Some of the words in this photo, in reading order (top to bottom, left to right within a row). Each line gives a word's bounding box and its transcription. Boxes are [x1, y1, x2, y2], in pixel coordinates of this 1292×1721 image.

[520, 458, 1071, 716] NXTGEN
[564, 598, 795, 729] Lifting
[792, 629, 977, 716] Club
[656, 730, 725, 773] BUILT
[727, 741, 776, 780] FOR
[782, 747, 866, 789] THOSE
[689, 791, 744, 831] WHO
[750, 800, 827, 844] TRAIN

[What you are asked to do]:
Each entry above is to be copied out exactly as written.

[Result]:
Some of the words in this photo, in reading order (top to bottom, left to right within a row). Each line gives a word's bounding box and its transcription. Boxes are [x1, y1, x2, y2], in pixel coordinates of this 1292×1721 image.

[520, 458, 1071, 716] NXTGEN
[564, 598, 795, 729] Lifting
[792, 629, 977, 716] Club
[656, 730, 725, 773] BUILT
[727, 741, 776, 780] FOR
[782, 747, 866, 789] THOSE
[689, 791, 744, 831] WHO
[750, 800, 827, 844] TRAIN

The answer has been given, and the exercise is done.